How This Connects to Our Fight in Illinois
Here in Illinois, gun owners have been waiting for clarity from the Seventh Circuit on the consolidated PICA cases. Barnett v. Raoul is decision-pending after the Seventh Circuit heard argument on September 22, 2025. Our case — Bevis v. Naperville — is part of that consolidated fight and remains the originating lead case that brought this dispute into the federal appellate courts post-Bruen.
A relist puts pressure on every lower court sitting on these cases. If SCOTUS is actively considering AR-15 and "assault weapon" bans, appellate judges know their rulings may be reviewed in a way that finally has teeth. It reinforces that this isn't a niche "local" dispute — the question is national: can states ban common arms owned by millions of Americans?

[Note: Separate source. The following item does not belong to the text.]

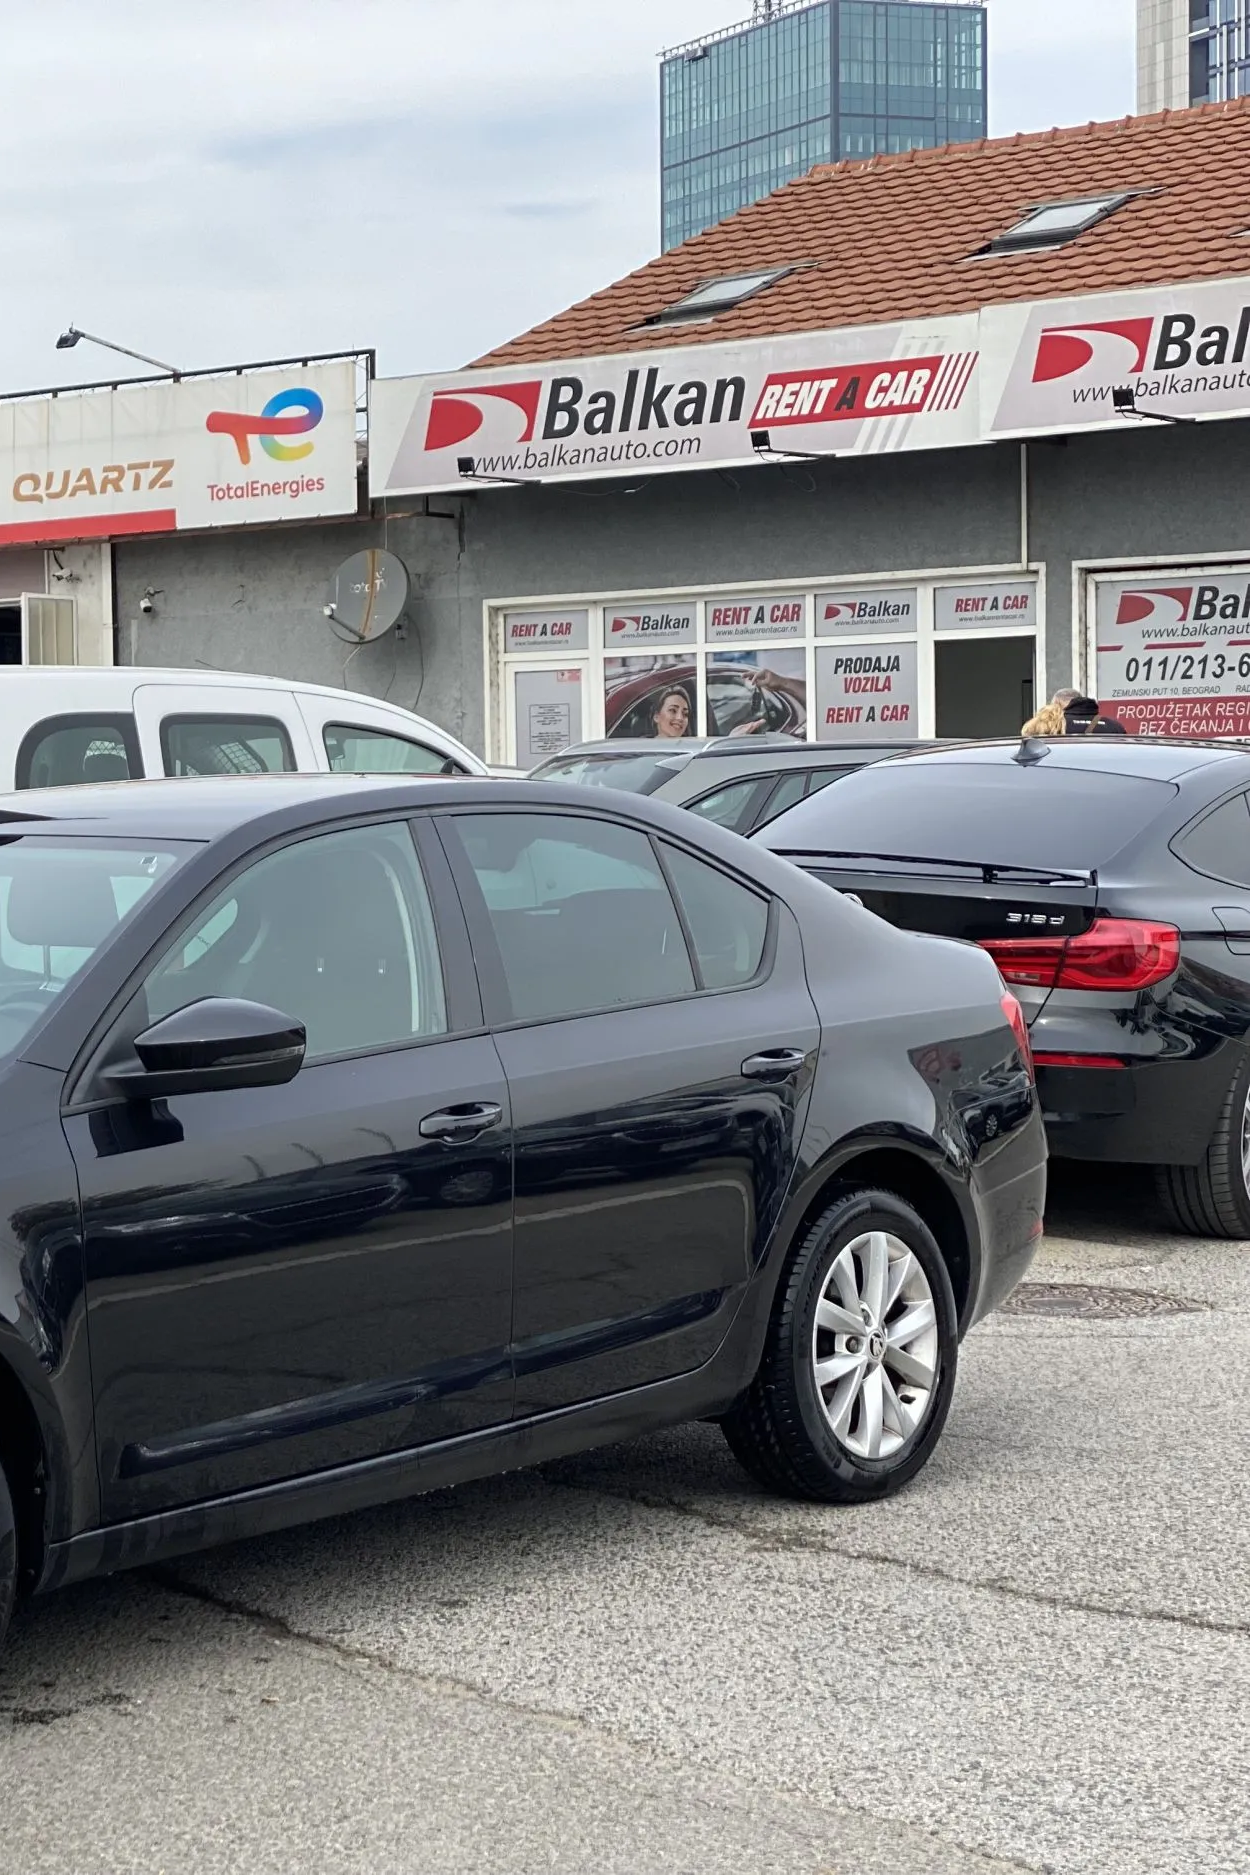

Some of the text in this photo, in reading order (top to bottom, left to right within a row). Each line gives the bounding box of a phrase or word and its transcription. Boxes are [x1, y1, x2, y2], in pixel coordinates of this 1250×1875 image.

At Law Weapons, we don't have the luxury of treating this as theoretical. Our customers are the people caught in the crosshairs of these laws: workers, veterans, parents, and everyday Illinois citizens who just want to be left alone — and who want to defend themselves with the same types of arms used responsibly across the country.
Relists, "Sensitive Places," and the Bigger SCOTUS Picture
Viramontes isn't the only Illinois-related Second Amendment case at the Supreme Court right now. Schoenthal v. Raoul is a pending petition challenging Illinois' ban on carrying firearms on public transportation. Public transportation is not a courthouse or a secure government building — it's how working people get to work, and it's where you're often most vulnerable.
Either way, Illinois is on the menu — because Illinois politicians keep passing laws that dare the courts to stop them.
What I Want Every Supporter to Understand
The fight is not going to end with one decision, one order list, or one headline. The other side counts on exhaustion. They count on the average gun owner thinking "nothing ever changes" and tuning out. That's why I'm writing this today.
Law Weapons & Supply is not just a gun store. We are a frontline defender of constitutional freedom. Our lawsuit — Bevis v. Naperville — kicked off the post-Bruen federal fight against Illinois-style bans, and we are still here. We are still standing. We are still pushing.
If you want to help: stay engaged, stay informed, and support the organizations and businesses willing to take hits to fight back. A lot of people talk. Few file lead cases.
We will keep pressing until Illinois' politicians and courts recognize what the Constitution already says.